TASK DETAILS. Please reproduce the entries exactly, skipping each picture.

Top of ENTRIES PROVIDED

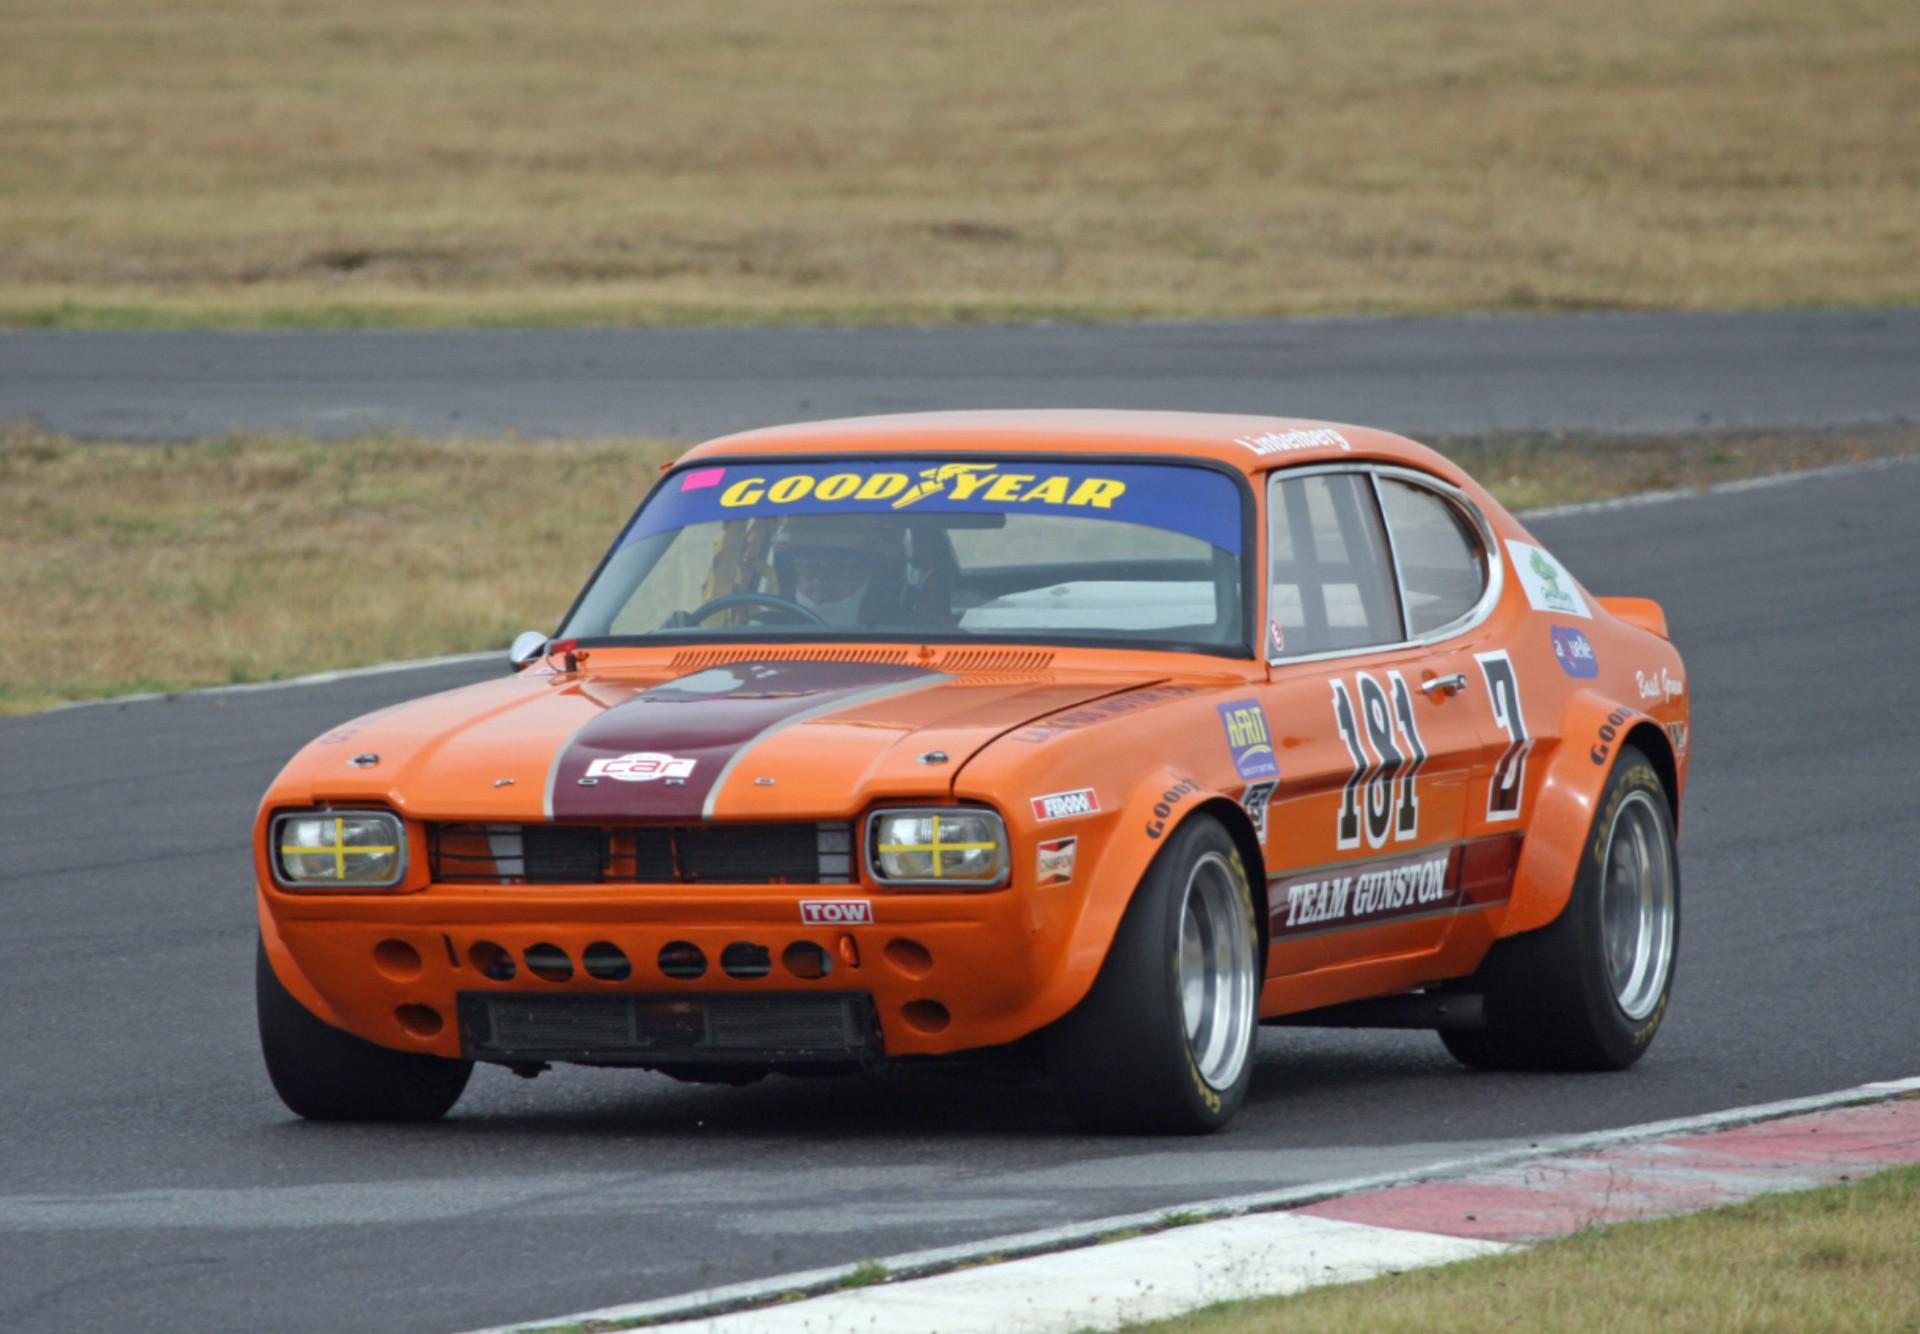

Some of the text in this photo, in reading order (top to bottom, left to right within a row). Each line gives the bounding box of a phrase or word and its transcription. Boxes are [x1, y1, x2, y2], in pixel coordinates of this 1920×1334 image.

[601, 759, 686, 774] car
[1329, 670, 1427, 851] 181
[807, 903, 868, 922] TOW
[1285, 876, 1352, 927] TEAM
[1353, 857, 1449, 917] GUNSTON
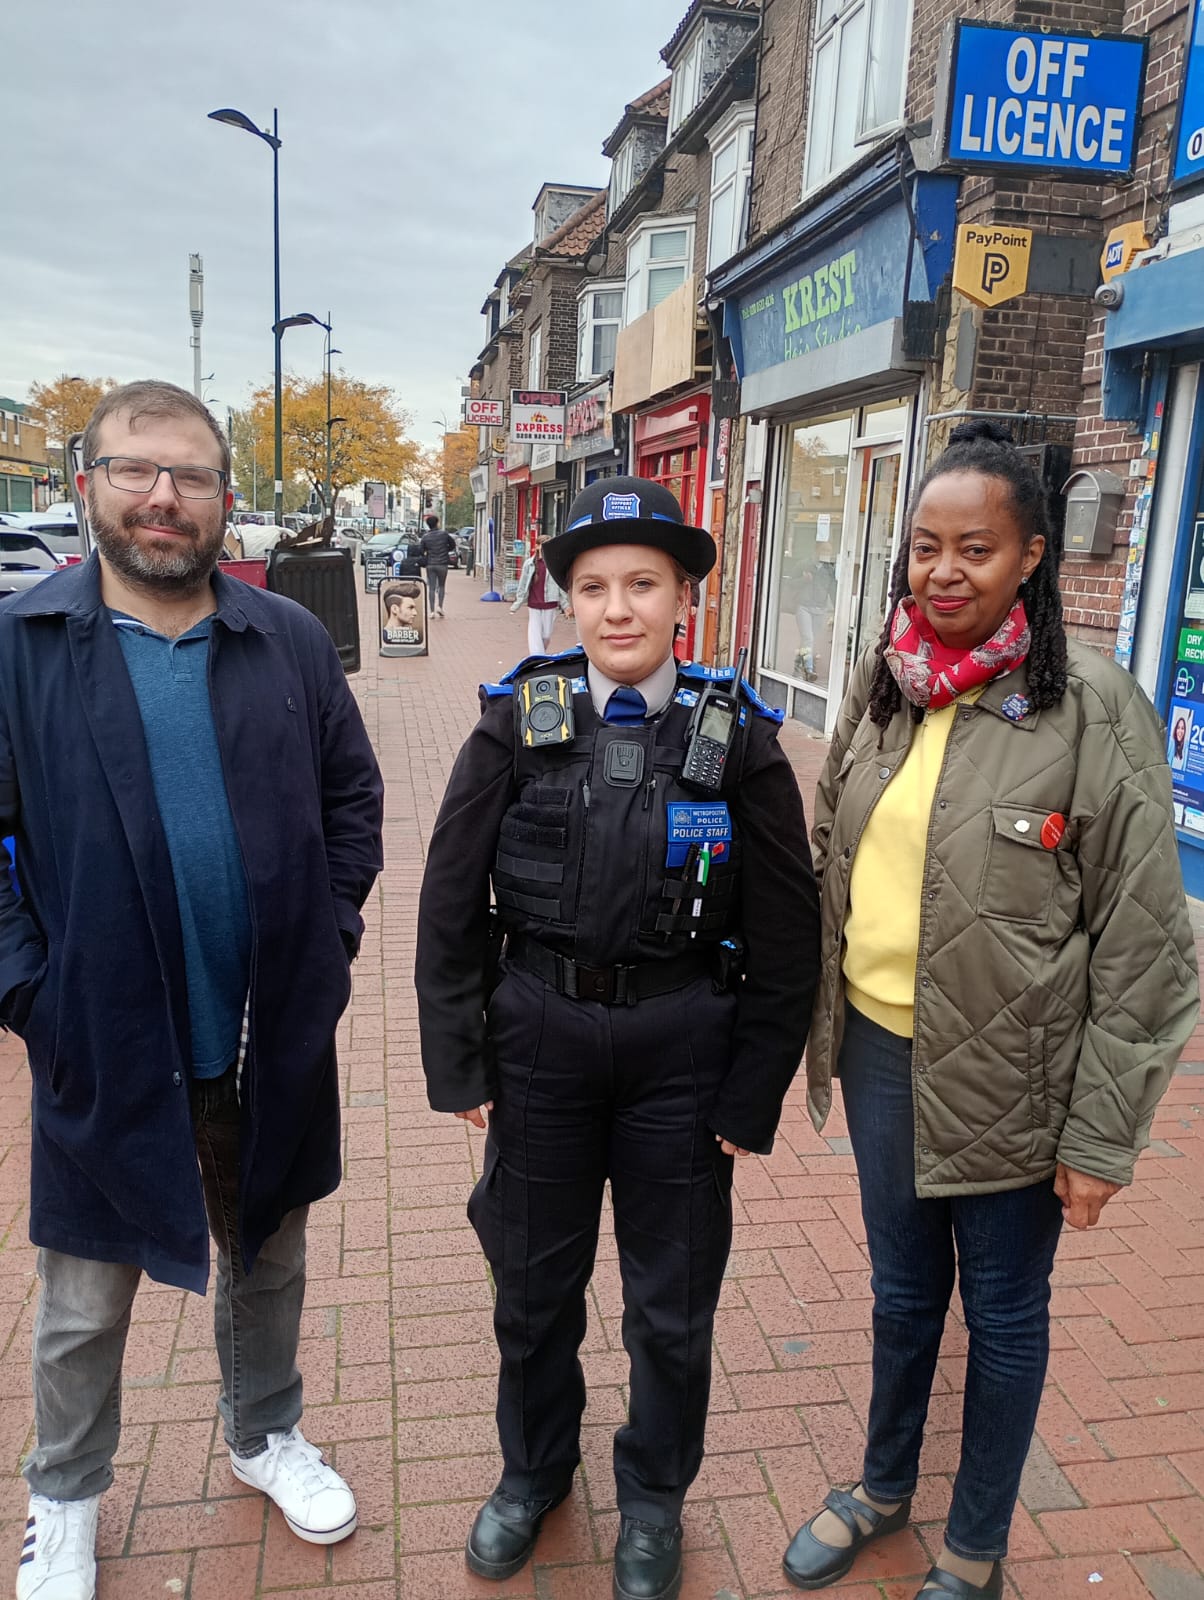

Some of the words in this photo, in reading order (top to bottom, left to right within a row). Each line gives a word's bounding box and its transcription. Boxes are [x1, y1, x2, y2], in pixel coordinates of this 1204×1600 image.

[1006, 37, 1089, 98] OFF
[960, 94, 1126, 163] LICENCE
[966, 231, 1028, 247] PayPoint
[1106, 244, 1123, 264] ADT
[783, 249, 857, 334] KREST
[519, 393, 561, 405] OPEN
[471, 402, 499, 413] OFF
[467, 414, 502, 424] LICENCE
[516, 423, 563, 432] EXPRESS
[387, 630, 419, 640] BARBER
[1187, 634, 1203, 645] DRY
[673, 829, 704, 838] POLICE
[706, 828, 729, 837] STAFF
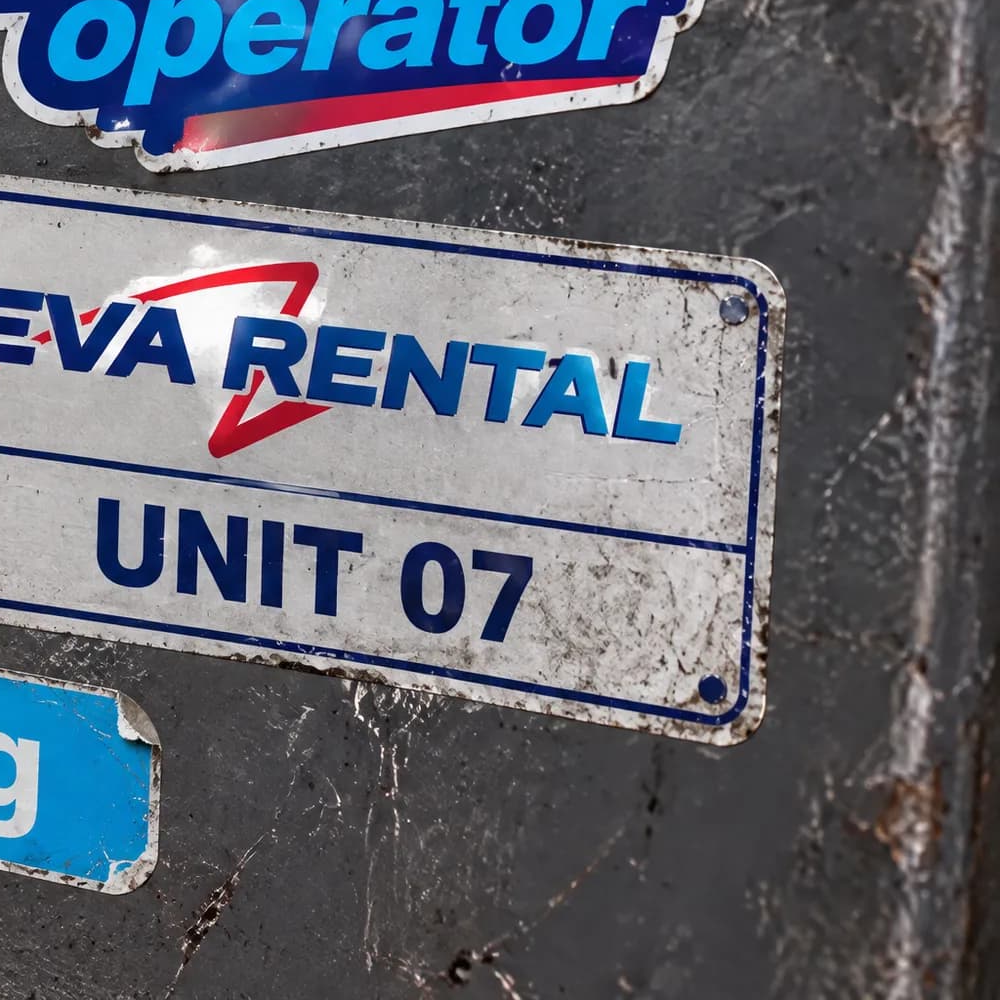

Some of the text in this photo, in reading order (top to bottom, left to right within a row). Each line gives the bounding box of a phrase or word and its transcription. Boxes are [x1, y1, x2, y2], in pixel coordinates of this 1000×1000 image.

[222, 315, 683, 445] RENTAL
[96, 497, 534, 643] UNIT 07
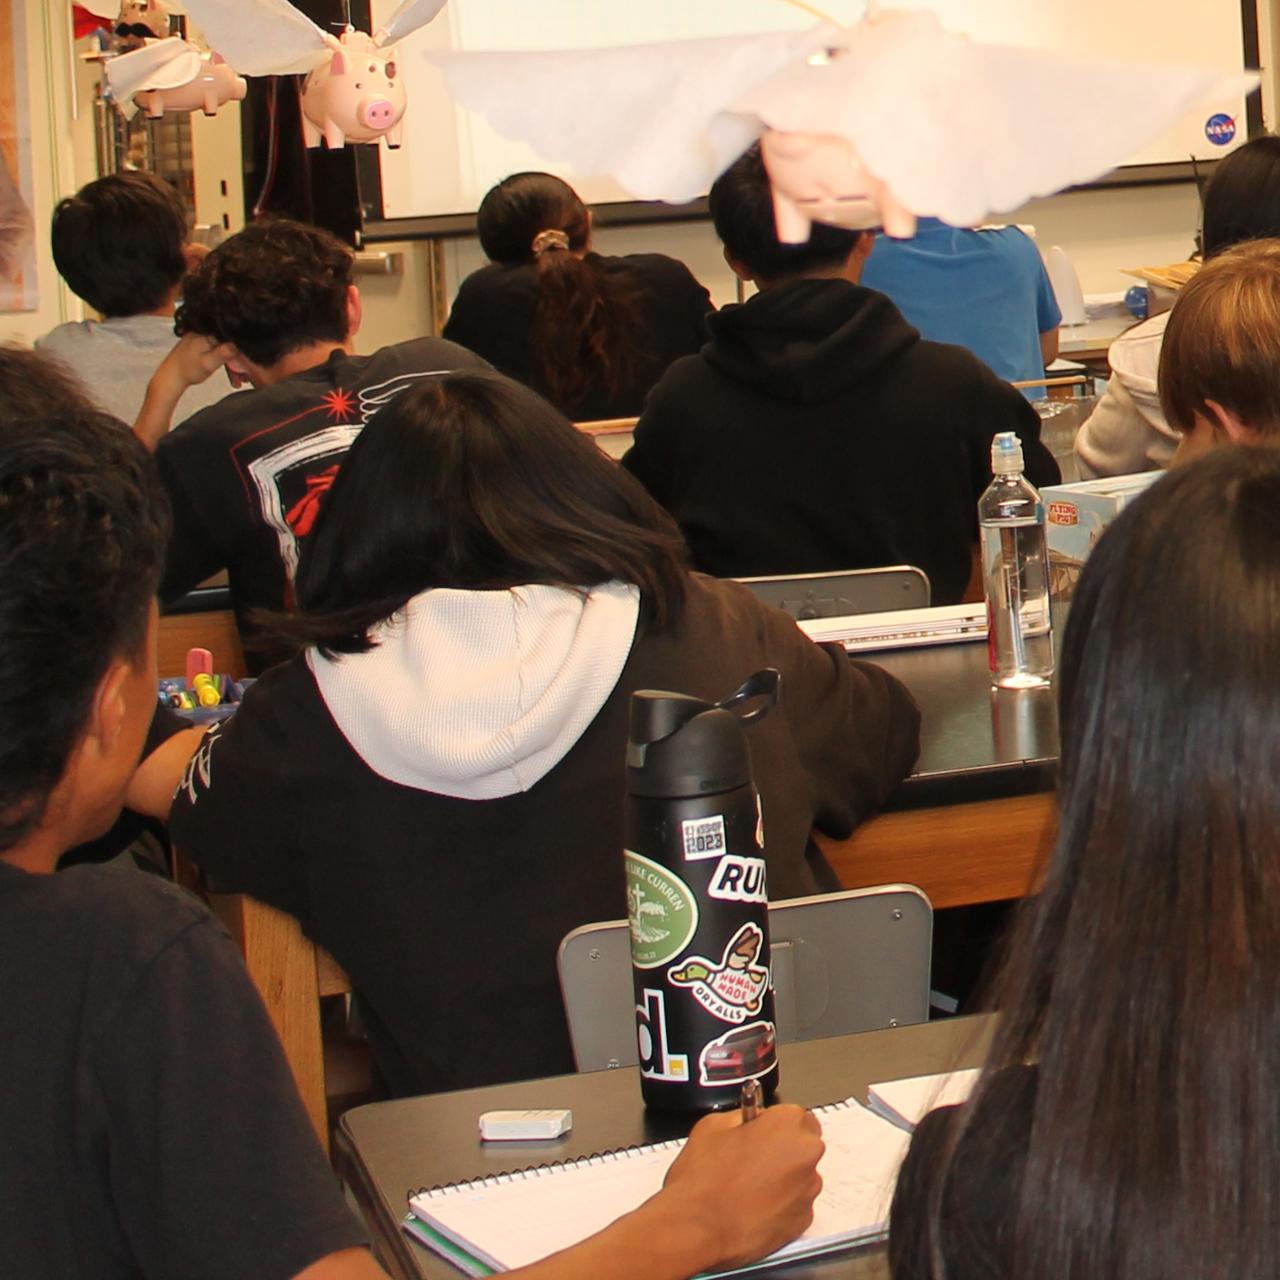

Bottom of ENTRIES PROVIDED

WRITTEN ANSWER.
Some of the text in this photo, in reading order (top to bottom, left to right within a row). Each line gives the bounding box of a phrase or word and its transcription. Boxes are [x1, y1, x2, y2], in pixel coordinates of this 1920×1334 image.

[601, 759, 686, 774] car
[1329, 670, 1427, 851] 181
[807, 903, 868, 922] TOW
[1285, 876, 1352, 927] TEAM
[1353, 857, 1449, 917] GUNSTON

Some of the words in this photo, in reading order (top to bottom, left to right within a row). Each line gives a word's bounding box and its transcription. Boxes are [x1, y1, x2, y2], in pixel coordinates of this 1204×1600 image.

[1006, 37, 1089, 98] OFF
[960, 94, 1126, 163] LICENCE
[966, 231, 1028, 247] PayPoint
[1106, 244, 1123, 264] ADT
[783, 249, 857, 334] KREST
[519, 393, 561, 405] OPEN
[471, 402, 499, 413] OFF
[467, 414, 502, 424] LICENCE
[516, 423, 563, 432] EXPRESS
[387, 630, 419, 640] BARBER
[1187, 634, 1203, 645] DRY
[673, 829, 704, 838] POLICE
[706, 828, 729, 837] STAFF

Some of the text in this photo, in reading order (top to bottom, left to right within a row). Each line gives the bounding box of a phrase or word and its transcription. Boxes are [x1, y1, x2, y2], in pixel coordinates of this 1000×1000 image.

[222, 315, 683, 445] RENTAL
[96, 497, 534, 643] UNIT 07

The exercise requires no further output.